* WORK INSTRUCTION: Nothing but an exact repeat of the data, with pictures removed, belongs in the answer.

* Data items:
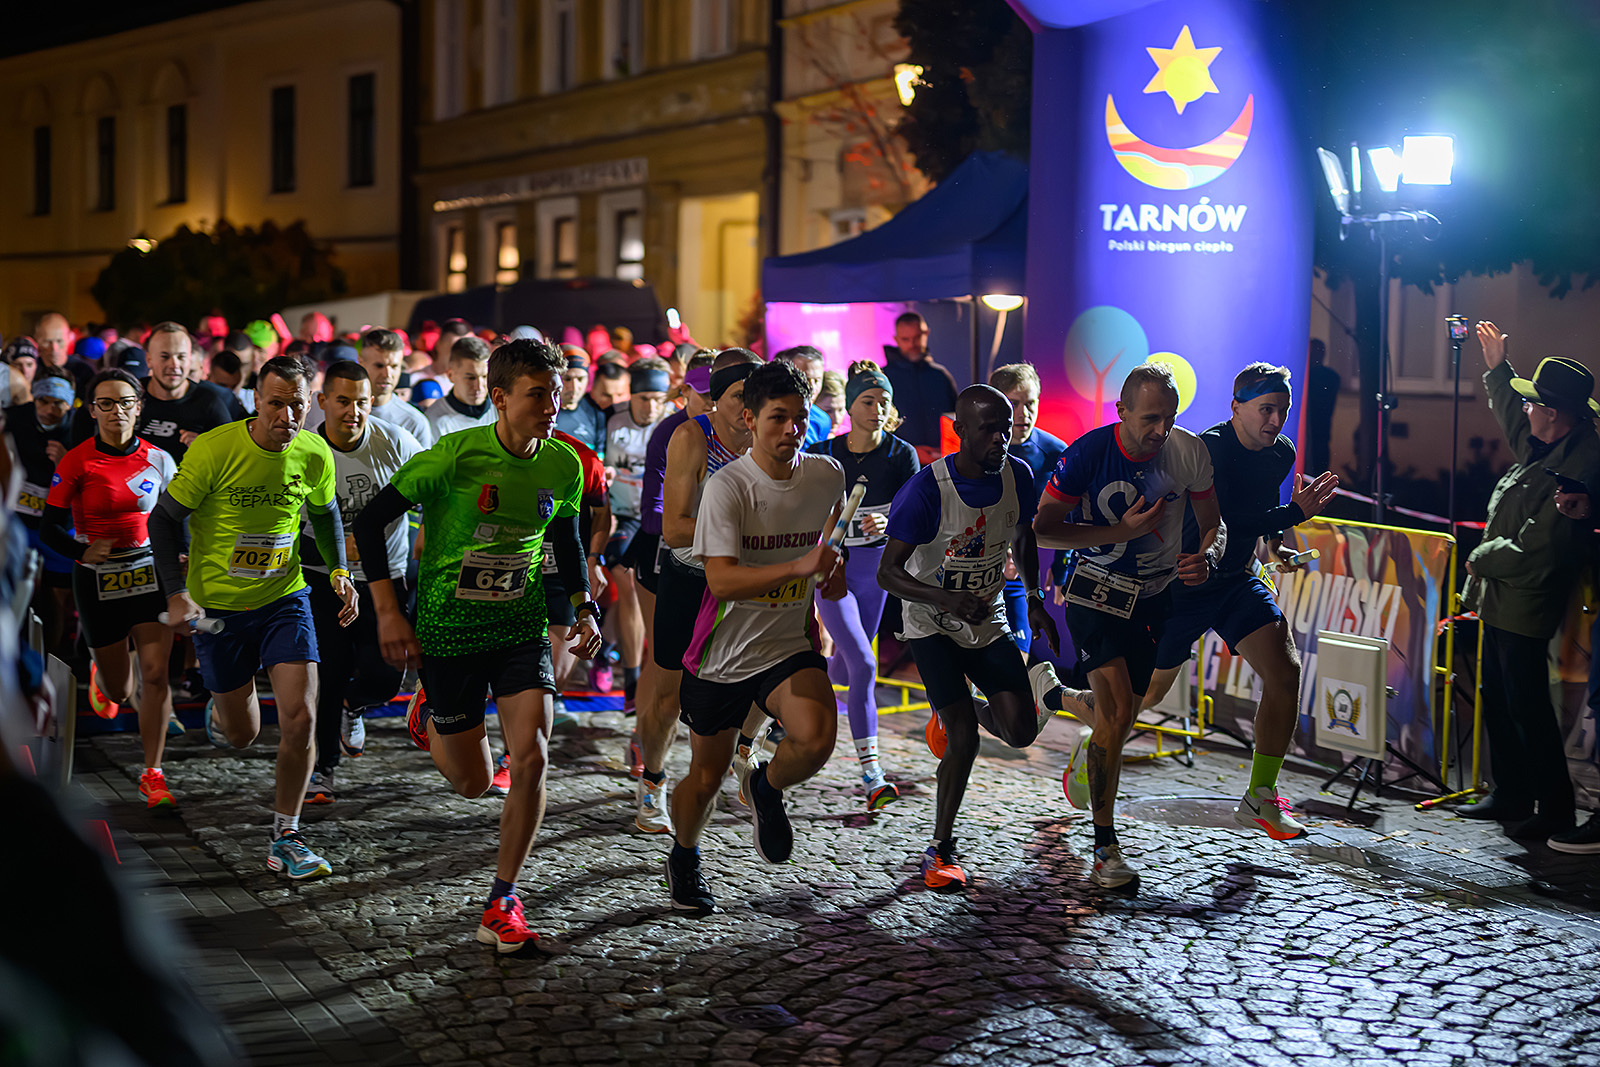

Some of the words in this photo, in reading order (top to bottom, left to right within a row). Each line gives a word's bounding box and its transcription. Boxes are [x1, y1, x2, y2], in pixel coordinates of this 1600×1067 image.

[1099, 196, 1248, 232] TARNÓW
[1108, 239, 1145, 251] Polski
[1147, 240, 1192, 254] biegun
[234, 550, 283, 567] 702/1
[102, 567, 148, 591] 205
[475, 569, 514, 591] 64
[950, 567, 996, 590] 150
[759, 583, 798, 599] 8/1
[1091, 584, 1110, 603] 5
[1274, 568, 1402, 650] NOWSKI
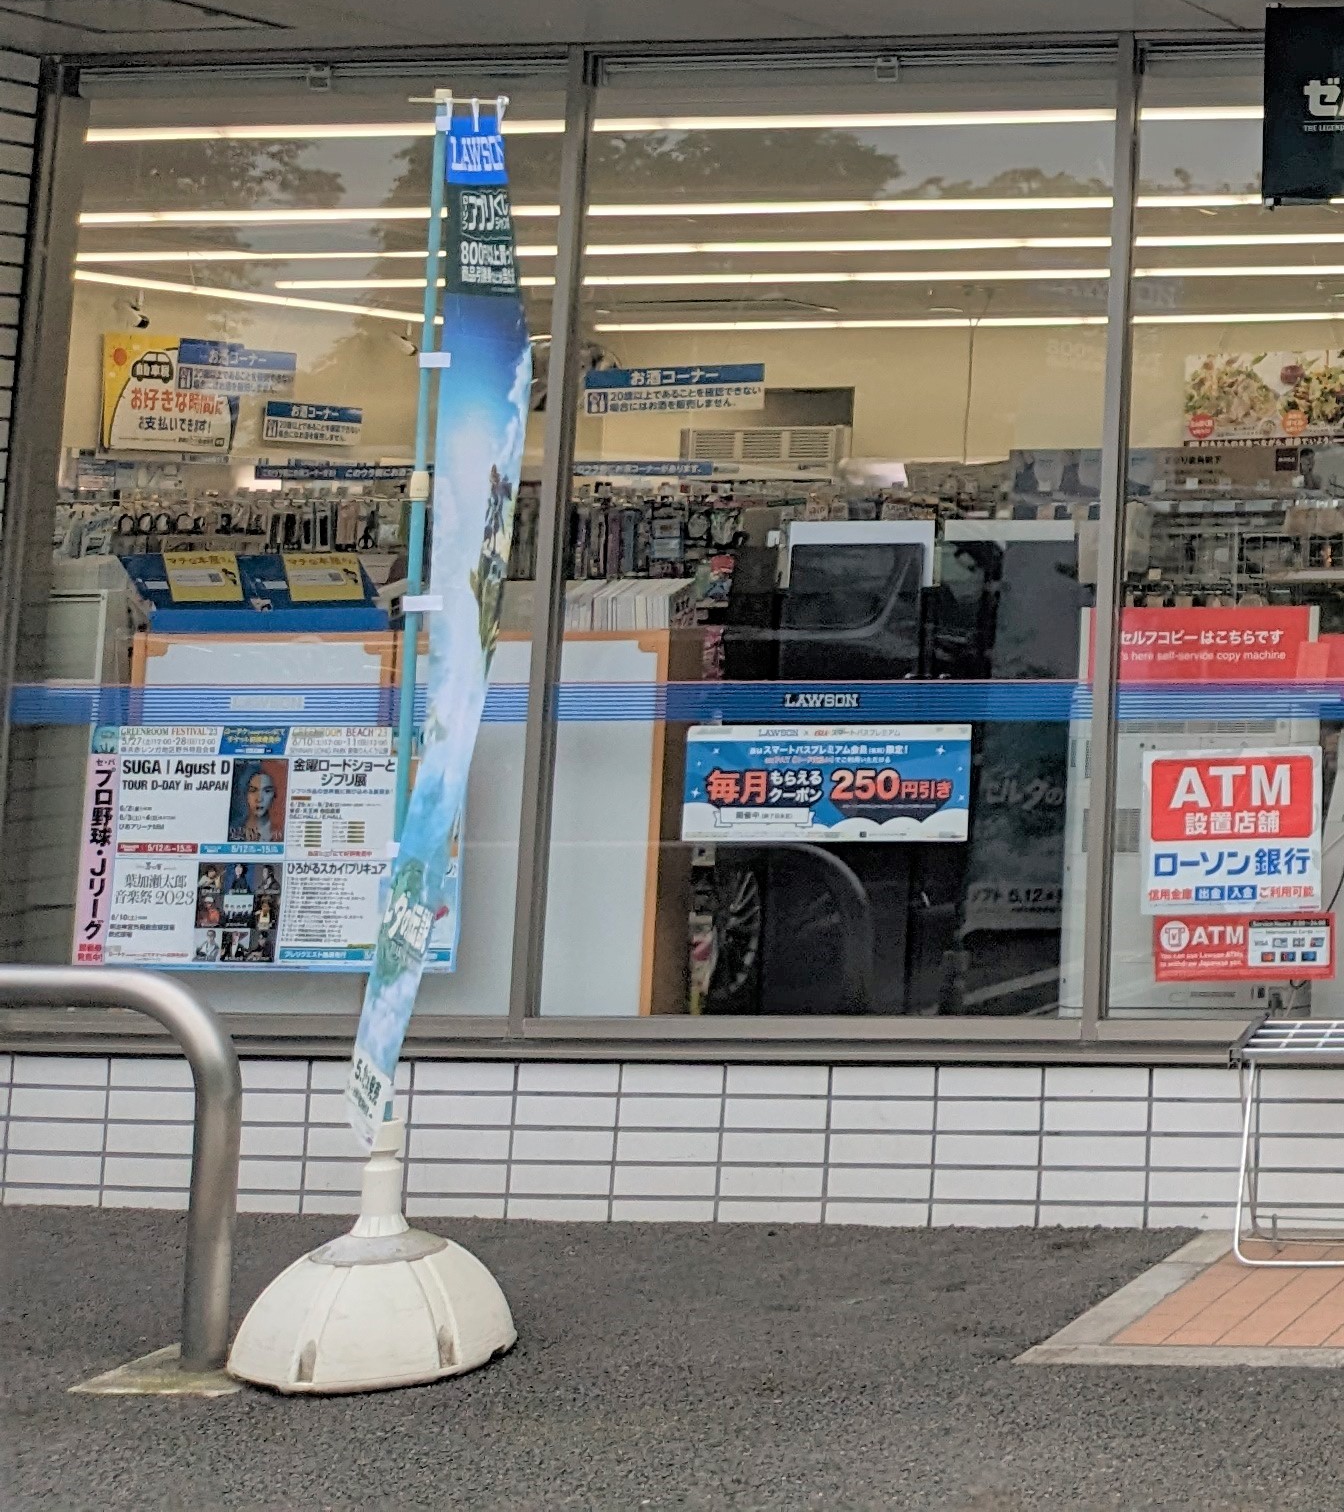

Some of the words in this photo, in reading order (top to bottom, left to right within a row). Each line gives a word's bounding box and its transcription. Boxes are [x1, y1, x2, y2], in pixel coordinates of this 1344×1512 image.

[1303, 124, 1318, 132] THE
[450, 135, 505, 172] LAWSO
[630, 368, 719, 386] お酒コーナー
[1121, 629, 1284, 646] セルフコピーはこちらです
[1131, 650, 1152, 661] here
[1157, 650, 1213, 661] self-service
[1216, 652, 1240, 662] copy
[1243, 650, 1286, 661] machine
[783, 693, 859, 708] LAWSON
[171, 727, 206, 736] FESTIVAL
[758, 728, 799, 737] LAWSON
[122, 759, 162, 775] SUGA
[174, 759, 217, 778] Agust
[220, 759, 231, 775] D
[292, 758, 396, 773] 金曜ロードショーと
[122, 779, 148, 791] TOUR
[151, 779, 182, 791] D-DAY
[183, 779, 193, 791] in
[195, 779, 230, 791] JAPAN
[320, 773, 368, 787] ジブリ展
[770, 770, 823, 786] もらえる
[829, 768, 953, 801] 250円引き
[707, 769, 769, 805] 毎月
[1168, 764, 1292, 810] ATM
[768, 788, 823, 803] クーポン
[1184, 810, 1280, 836] 設置店舗
[83, 768, 117, 941] プロ野球・Jリーグ
[1153, 846, 1314, 878] ローソン銀行
[286, 862, 388, 876] ひろがるスカイ!プリキュア
[155, 890, 195, 906] 2023
[1149, 888, 1193, 901] 信用金庫
[1198, 887, 1222, 900] 出金
[1229, 887, 1254, 900] 入金
[1259, 885, 1315, 899] ご利用可能
[1190, 925, 1244, 946] ATM
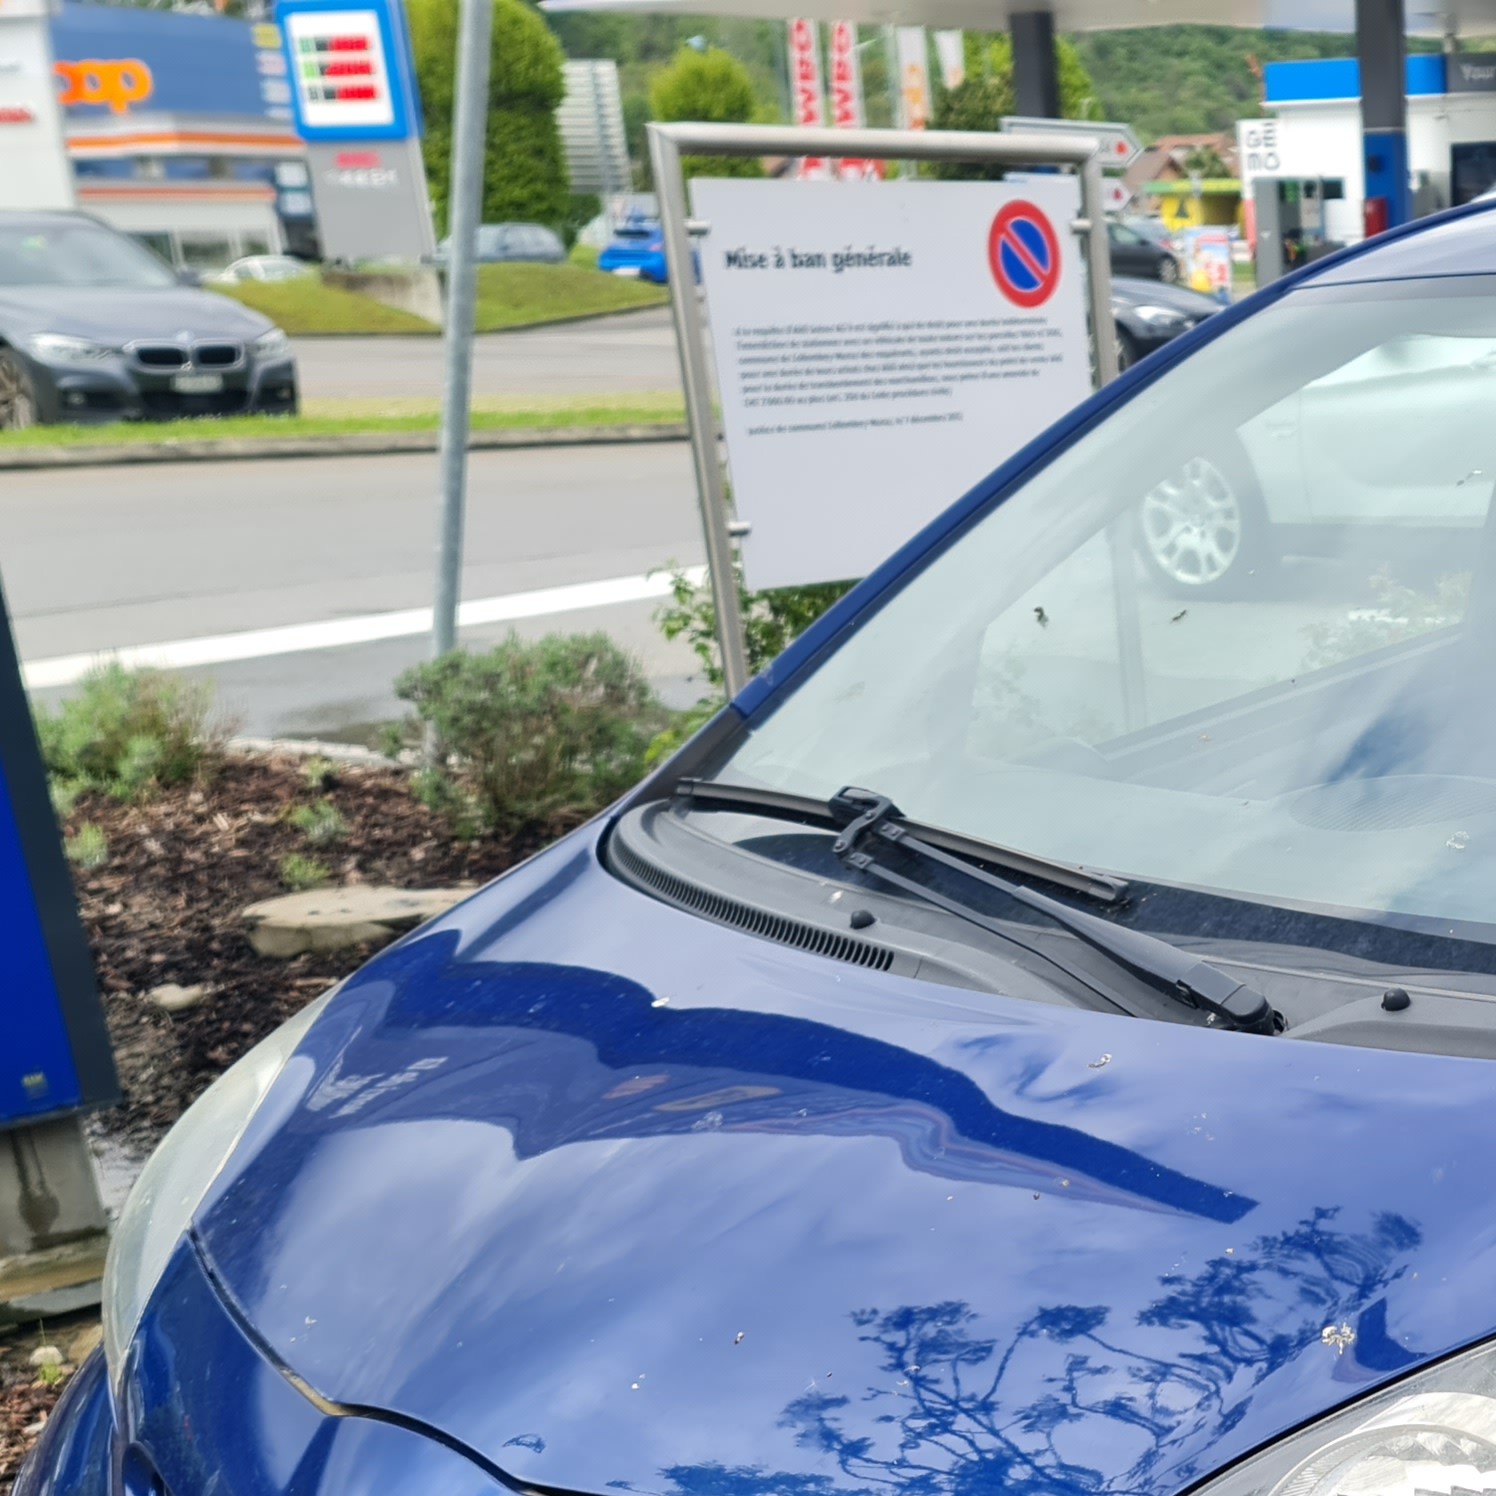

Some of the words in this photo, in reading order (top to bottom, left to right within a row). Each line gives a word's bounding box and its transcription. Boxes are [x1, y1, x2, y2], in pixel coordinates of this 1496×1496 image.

* ANSWER TO THE PROBLEM:
Some of the words in this photo, in reading order (top to bottom, left to right within a row). Each line gives a word's bounding box and its transcription. Boxes are [x1, y1, x2, y2], in pixel coordinates of this 1600×1067 image.

[1099, 196, 1248, 232] TARNÓW
[1108, 239, 1145, 251] Polski
[1147, 240, 1192, 254] biegun
[234, 550, 283, 567] 702/1
[102, 567, 148, 591] 205
[475, 569, 514, 591] 64
[950, 567, 996, 590] 150
[759, 583, 798, 599] 8/1
[1091, 584, 1110, 603] 5
[1274, 568, 1402, 650] NOWSKI

Some of the words in this photo, in reading order (top to bottom, left to right within a row). Each line gives a word's bounding box and its transcription. Boxes are [x1, y1, x2, y2], in pixel coordinates of this 1344×1512 image.

[1303, 124, 1318, 132] THE
[450, 135, 505, 172] LAWSO
[630, 368, 719, 386] お酒コーナー
[1121, 629, 1284, 646] セルフコピーはこちらです
[1131, 650, 1152, 661] here
[1157, 650, 1213, 661] self-service
[1216, 652, 1240, 662] copy
[1243, 650, 1286, 661] machine
[783, 693, 859, 708] LAWSON
[171, 727, 206, 736] FESTIVAL
[758, 728, 799, 737] LAWSON
[122, 759, 162, 775] SUGA
[174, 759, 217, 778] Agust
[220, 759, 231, 775] D
[292, 758, 396, 773] 金曜ロードショーと
[122, 779, 148, 791] TOUR
[151, 779, 182, 791] D-DAY
[183, 779, 193, 791] in
[195, 779, 230, 791] JAPAN
[320, 773, 368, 787] ジブリ展
[770, 770, 823, 786] もらえる
[829, 768, 953, 801] 250円引き
[707, 769, 769, 805] 毎月
[1168, 764, 1292, 810] ATM
[768, 788, 823, 803] クーポン
[1184, 810, 1280, 836] 設置店舗
[83, 768, 117, 941] プロ野球・Jリーグ
[1153, 846, 1314, 878] ローソン銀行
[286, 862, 388, 876] ひろがるスカイ!プリキュア
[155, 890, 195, 906] 2023
[1149, 888, 1193, 901] 信用金庫
[1198, 887, 1222, 900] 出金
[1229, 887, 1254, 900] 入金
[1259, 885, 1315, 899] ご利用可能
[1190, 925, 1244, 946] ATM

Some of the words in this photo, in reading order (top to bottom, left to right within a row). Each line gives a word's bounding box and its transcription. Boxes are [x1, y1, x2, y2], in pixel coordinates of this 1496×1496 image.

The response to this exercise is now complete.